For every 10 children admitted to an intensive therapeutic feeding centre, one will probably die. Research published in the Lancet in May 2022 suggests that for every one that dies in hospital another will die after they are discharged.
Children who survive can suffer long-lasting effects. Impaired cognitive and physical and behavioural development can affect their education. The condition is also intergenerational – an adolescent girl or young woman who is undernourished may give birth to an undernourished baby.

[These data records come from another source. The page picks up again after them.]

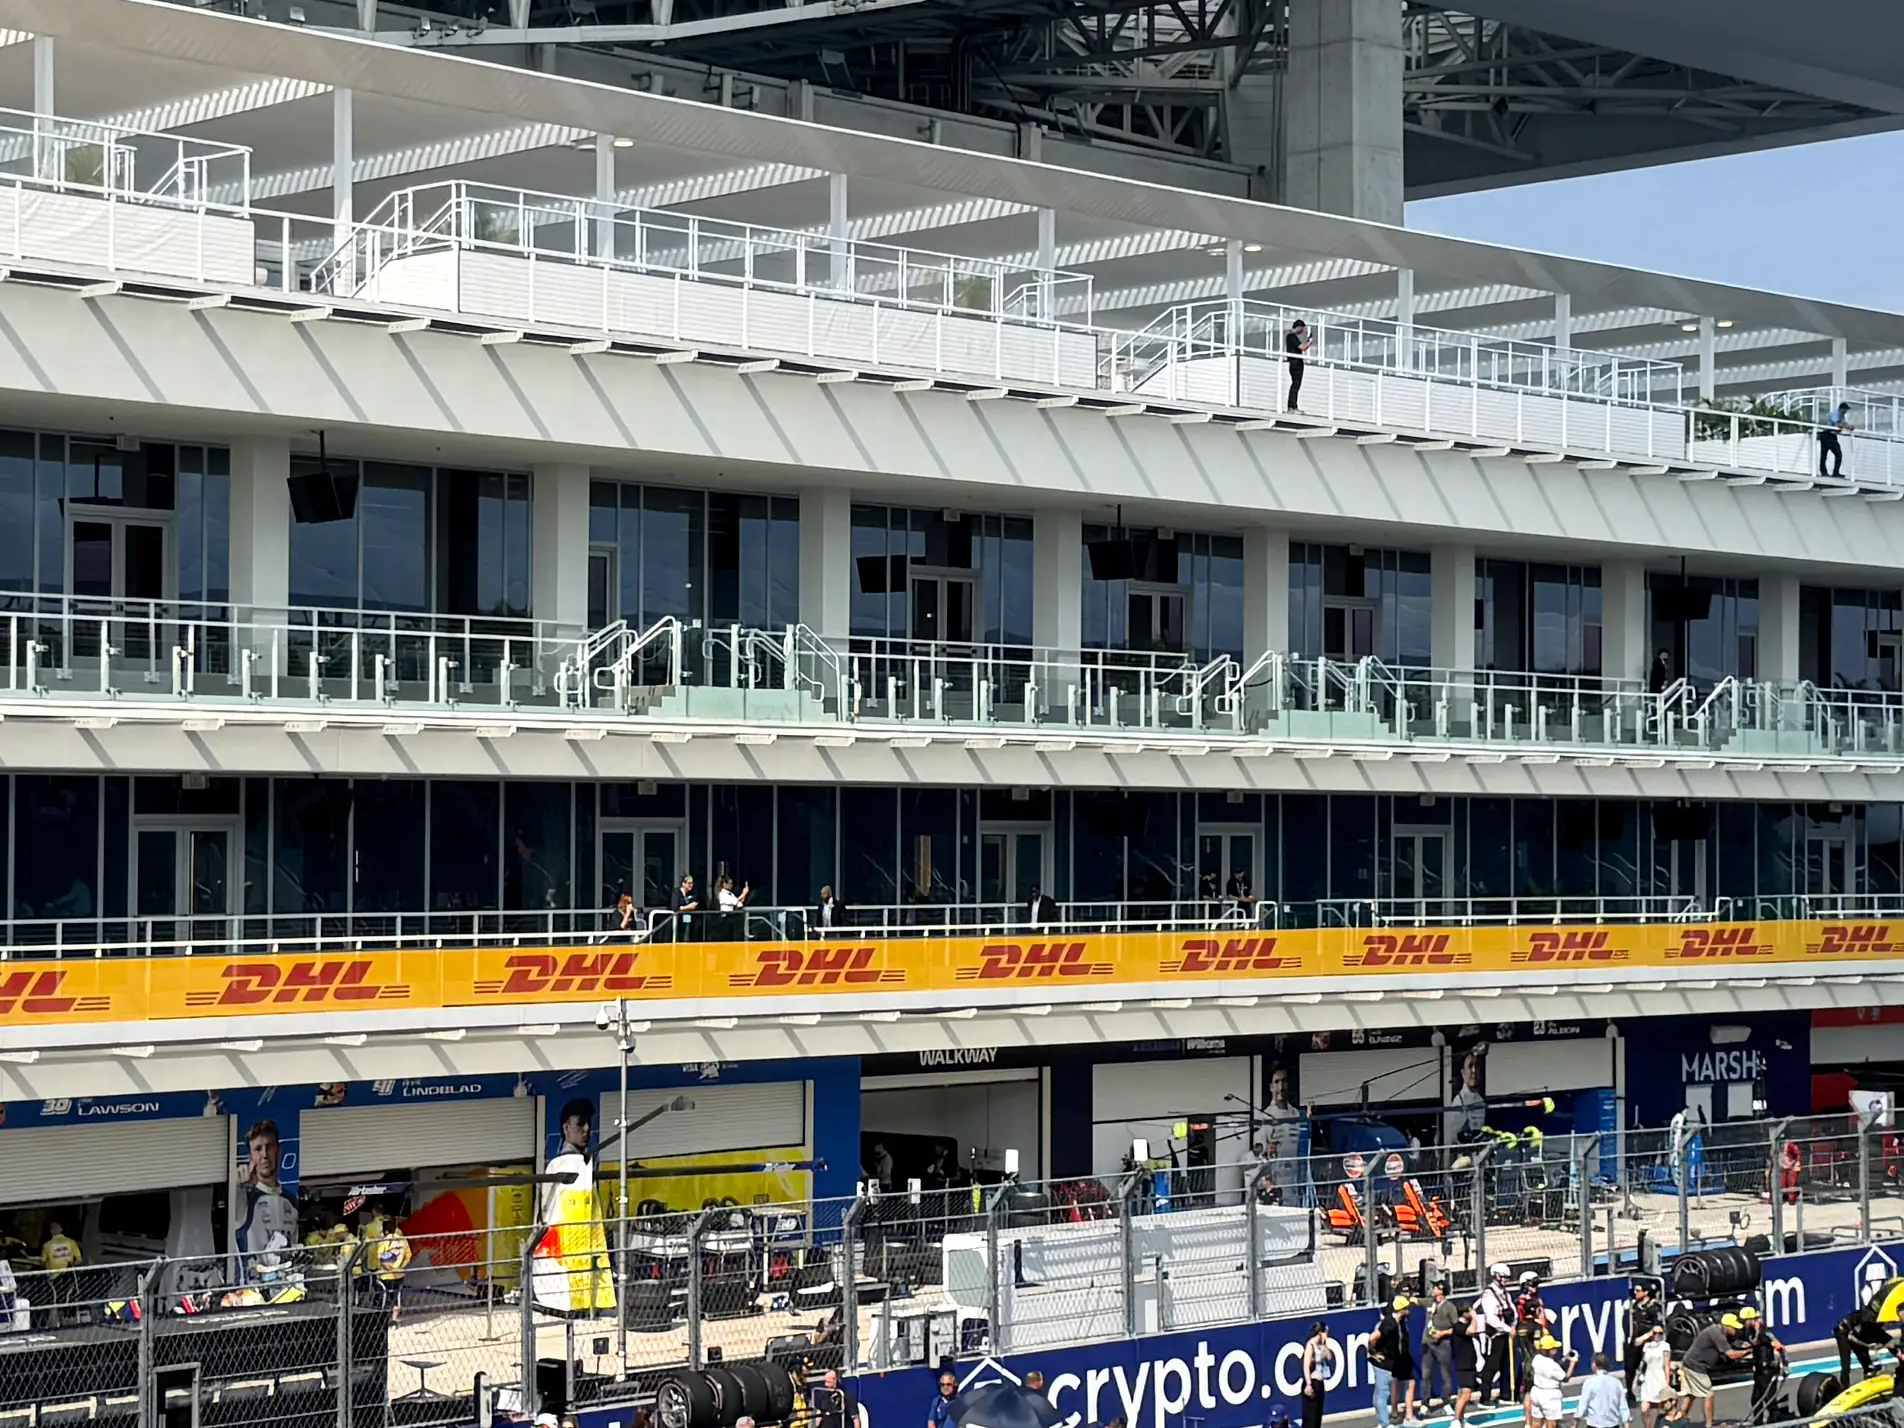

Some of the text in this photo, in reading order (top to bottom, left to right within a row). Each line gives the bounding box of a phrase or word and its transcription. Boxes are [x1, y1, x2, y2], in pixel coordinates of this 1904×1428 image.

[1173, 937, 1285, 973] DHL
[1360, 934, 1456, 967] DHL
[1526, 931, 1614, 962] DHL
[1679, 928, 1760, 958] DHL
[1819, 925, 1894, 954] DHL
[500, 952, 648, 994] DHL
[753, 947, 881, 986] DHL
[978, 942, 1095, 980] DHL
[217, 960, 382, 1006] DHL
[919, 1047, 999, 1067] WALKWAY
[1681, 1049, 1757, 1083] MARSH
[402, 1083, 482, 1098] LINDBLAD
[77, 1101, 160, 1117] LAWSON

Russell describes watching this crisis unfold before his eyes as “dystopian”. He struggles to find the right words. “... I have never found the language to describe the horror and injustice of seeing a child dying from malnutrition...One of the most haunting things about a children’s malnutrition centre is the deadly quiet of some children,” Russell says. “Their childhood has evaporated away. Young children regress, and stop walking or become incontinent – and they stop doing normal things like playing.” He continued, “Hunger takes something away from you. You can see how that breaks down a society and leads to more insecurity, conflict and anger.”
A letter to UN member states, “In a world of plenty, leaving people to starve is a policy choice.” The letter signed by 238 NGOs says, “The lack of political will and institutional failure to act quickly before the worst case hits means people are being left to lurch from crisis to crisis. People are not starving; they are being starved.”
These are needless deaths that will be largely ignored by a world distracted by extreme weather, the cost of living crisis and political upheavals says Alexandra Rutishauser-Perera, head of nutrition at Action Against Hunger UK.
A study published by BMC Pediatrics found the prevalence of moderate to severe depression among mothers of malnourished children was significantly higher (64.1%) compared with mothers of normal weight children (5.1%).
“When you don’t have the money to have psychologists onboard, agencies don’t have the means to identify and measure the extent of the problem, and offer appropriate support,” Alexandra Rutishauser-Perera points out.